= Virginwool =

American rock band

Virginwool was a rock band based out of Orlando, Florida originally known as Gumwrapper Curb.

==Gumwrapper Curb==
The band started in the early 1990s when Rollins College students Gar Willard and Jordan Pouzzner put together an acoustic act known as Gumwrapper Curb. In 1995, bassist Adam Loewy and drummer Mathew McCauley joined the band to flesh out the sound. The self-titled Gumwrapper Curb demo EP was released in 1996 and the band began playing shows.

==Women and success==
With the addition of Orlando music scene veteran (Braille Closet, Triple D, Choke, Blue Meridian) drummer Erik Lievano, the band began earning a name for themselves in Florida and other southern states. Their 1997 release Women featured the song "You're the Girl," which WJRR and other local radio stations began playing. The band then began getting booked on shows with the likes of Matchbox 20, Creed, Seven Mary Three, The Nixons, and Sister Hazel. The band was also featured on several volumes of the Axis music compilations. The success of the Women CD, combined with the success of the band's live shows, got them signed to a major label. Lievano would exit the band in late 1997.

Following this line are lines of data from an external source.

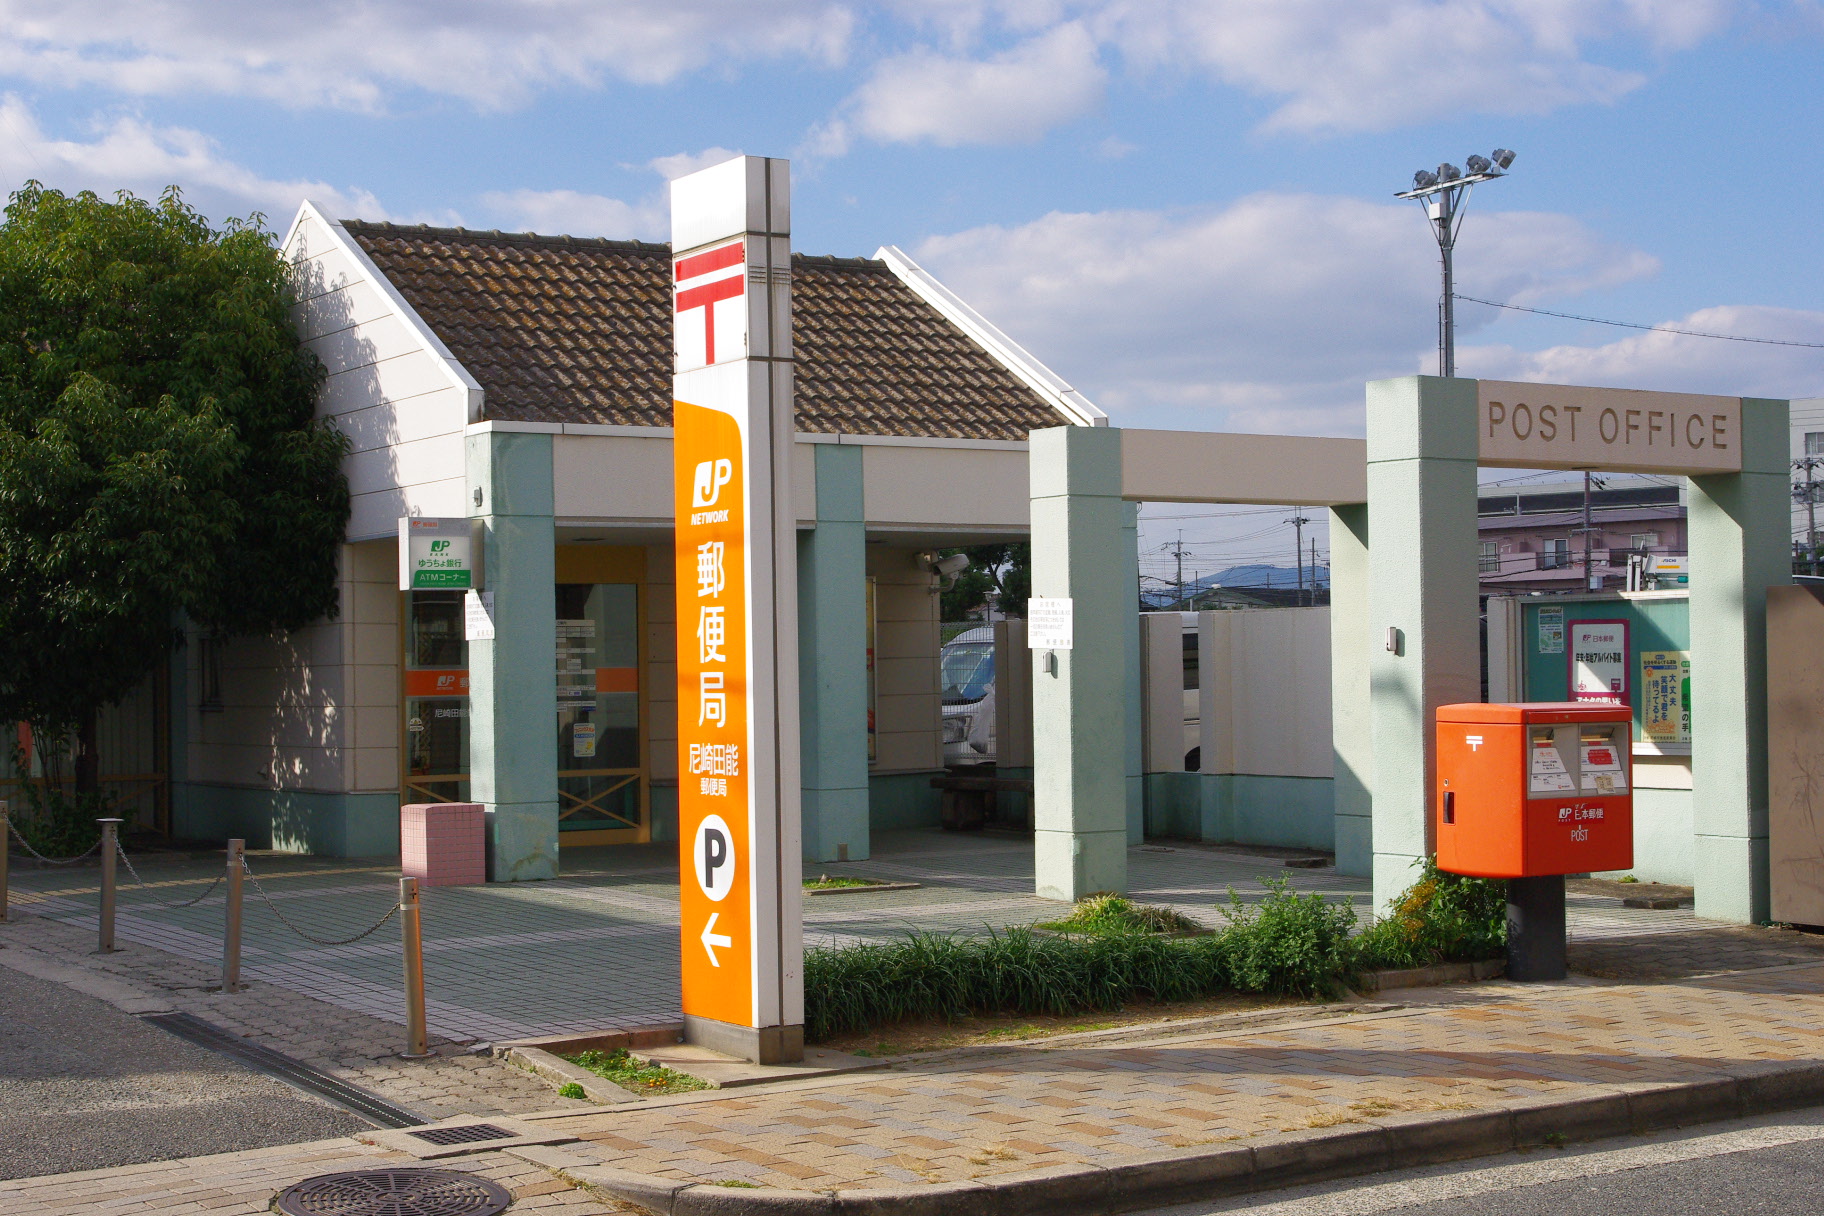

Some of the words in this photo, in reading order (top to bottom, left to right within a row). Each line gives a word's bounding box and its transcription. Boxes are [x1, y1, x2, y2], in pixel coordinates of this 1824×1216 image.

[1488, 401, 1582, 442] POST
[1599, 407, 1727, 450] OFFICE
[691, 509, 729, 526] NETWORK
[418, 559, 462, 568] ゆうちょ銀行
[420, 573, 466, 581] ATMコーナー
[697, 541, 726, 728] 郵便局
[1576, 652, 1621, 663] 年末・年始アルバイト募集
[1652, 679, 1660, 724] 待ってるよ
[1661, 675, 1669, 721] 笑顔で君を
[1669, 673, 1677, 706] 大丈夫
[689, 743, 739, 777] 尼崎田能
[700, 777, 727, 797] 郵便局
[1571, 829, 1588, 842] POST
[704, 828, 727, 889] P

The band, now with drummer Brett Crook, signed to Universal Records. However, Universal and the band didn't see eye to eye on what their sound should be. They ended up leaving Universal and signing with Atlantic Records, through its smaller branch Breaking, which was started by members of Hootie & The Blowfish. The band changed their name to Virginwool, taking the name from the title of a song from the Women CD. The band began recording with Brad Wood and eventually released their debut full length Open Heart Surgery on August 8, 2000.

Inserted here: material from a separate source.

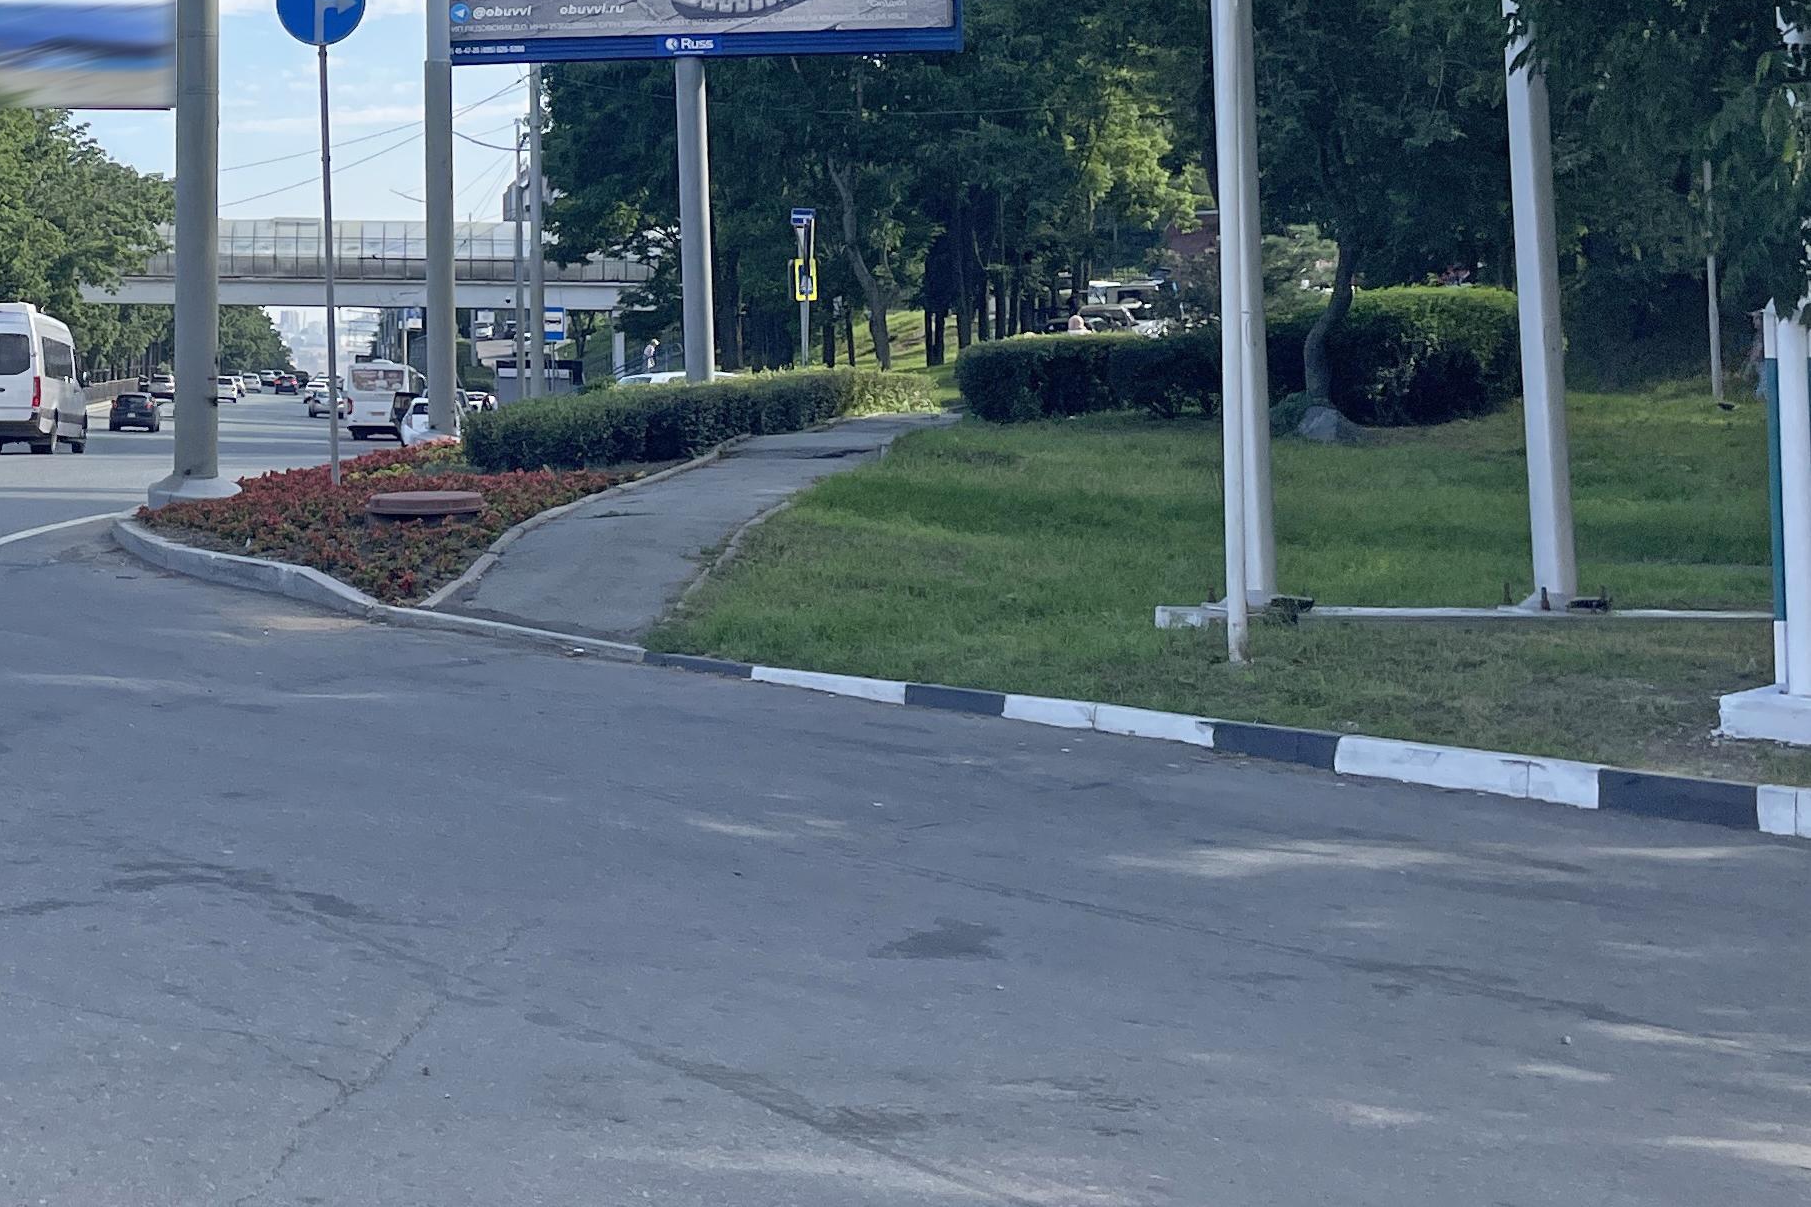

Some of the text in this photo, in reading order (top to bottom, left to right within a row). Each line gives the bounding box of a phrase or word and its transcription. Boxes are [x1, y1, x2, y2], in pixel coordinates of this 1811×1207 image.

Prior to the release of the album, the band recruited second guitarist Jerry Paulson and began performing vigorously throughout the United States. After the recording of their debut, the band went on to hire touring guitarist Michael Rizzo. This was later highlighted by an extended tour with Hootie & the Blowfish and live appearance on The Oxygen Channel. "I Think Her Mother Loves Me" and "Better for You" were released as singles from Open Heart Surgery.

==End of the band==
After touring behind Open Heart Surgery, the band members decided to go their own ways. Adam Loewy played with several different musicians, including Peter Searcy. Brett Crook went on to tour and record with Florida-based soul band The Legendary JC's, Mississippi Blues Artist and Grammy nominated Cedric Burnside, Bill 'SauceBoss' Wharton and more. Mathew McCauley, the band's original drummer, went on to serve as a musician in the Army before training and working as a military clinical psychologist. Jordan Pouzzner begin recording a solo album, tentatively titled Happy Bleeding, before his death in a car accident in 2005.